If you are the ‘primary’ caregiver of the person with a diagnosis of dementia (i.e., the first person called if the patient is in need of help) and a daughter, son, daughter-in-law, or son-in-law of the person with AD and would like more information, please contact Olanta Barton at 212-263-5710 or olanta.barton@nyumc.org
For Caregivers of Parents in the Middle Stage of Alzheimer’s Disease
• This study is investigating an education and support intervention designed to reduce the stress, anxiety, and depression frequently experienced by people whose parents are in the moderate stage of Alzheimer’s disease. Everyone who enrolls receives self-teaching materials especially written for this project and the opportunity to consult a counselor for resource information as needed. Half the participants, chosen at random, will also receive 2 workshops and an individual counseling session.
For more information, please contact Olanta Barton at 212-263-5710 or olanta.barton@nyumc.org
Early Stage Support Group Evaluation of Outcomes
• Common concerns for people with mild AD include responses to receiving the diagnosis, disclosing the diagnosis to others, developing coping strategies for cognitive and functional loss and finding meaningful activities. This study offers facilitated support group meetings to people in the early stages of AD and an assessment of their benefits. Previous studies suggest these groups may alleviate depression and social isolation, enhance coping skills, improve self esteem and provide education and mental stimulation in a safe environment.
For more information, please call Ursula Auclair, LCSW at 212-263-2245.

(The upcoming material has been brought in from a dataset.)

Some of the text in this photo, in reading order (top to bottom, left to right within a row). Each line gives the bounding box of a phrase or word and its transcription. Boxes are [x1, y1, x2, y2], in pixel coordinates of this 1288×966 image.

Memantine™ (Namenda) and Individualized Alzheimer’s Care
• Are you caring for someone who is in the middle or late stage of Alzheimer’s? Would you like to see them function and feel better? Would you like to solve the empty day syndrome? The goal of this study is to determine the added value of an individualized patient management program in AD patients receiving Memantine. Subjects with moderate to severe AD are eligible. All patients receive Memantine and follow-up evaluations at no charge. In addition, patients are randomly assigned to one of two groups. One group receives compensation and the other receives an individualized program consisting of caregiver training and support as well as home visits to get the patient exercising, doing enjoyable activities and cognitive stimulation. The study duration is one year.

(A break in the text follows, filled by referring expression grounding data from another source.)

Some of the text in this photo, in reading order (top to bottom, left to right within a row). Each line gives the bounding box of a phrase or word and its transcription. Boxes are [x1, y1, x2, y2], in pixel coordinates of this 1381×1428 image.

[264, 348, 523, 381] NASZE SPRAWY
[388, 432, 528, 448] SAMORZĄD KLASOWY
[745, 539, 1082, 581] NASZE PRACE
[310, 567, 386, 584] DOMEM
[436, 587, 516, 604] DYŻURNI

For more information, please contact Dr. Sunnie Kenowsky at 212-263-7164 or sunnie.kenowsky@nyumc.org
Other Programs and Studies
The Multicultural Program
• Our Multicultural Aging and Memory Evaluation Program offers a comprehensive, multidisciplinary evaluation for elderly individuals who present with memory complaints or symptoms of dementia or Alzheimer’s disease. The mission of this program is to provide diagnostic services to the ethnic minority and underserved populations, to promote their access to early utilization of these services and to the latest research programs, and provide culturally and language-appropriate support services.
For more information, please contact Dorothy Patterson at 212-263-3201, or Milena Perez at 212-263-1027 to discuss in Spanish.
Brain Donation Program
• The NYU ADC team is very grateful to donors and their families for participation in our Brain Donation Program. Brain autopsy provides a definitive diagnosis for families while contributing to important research on the causes and treatment of brain aging and AD. Volunteers with and without memory impairment are eligible for participation in this program.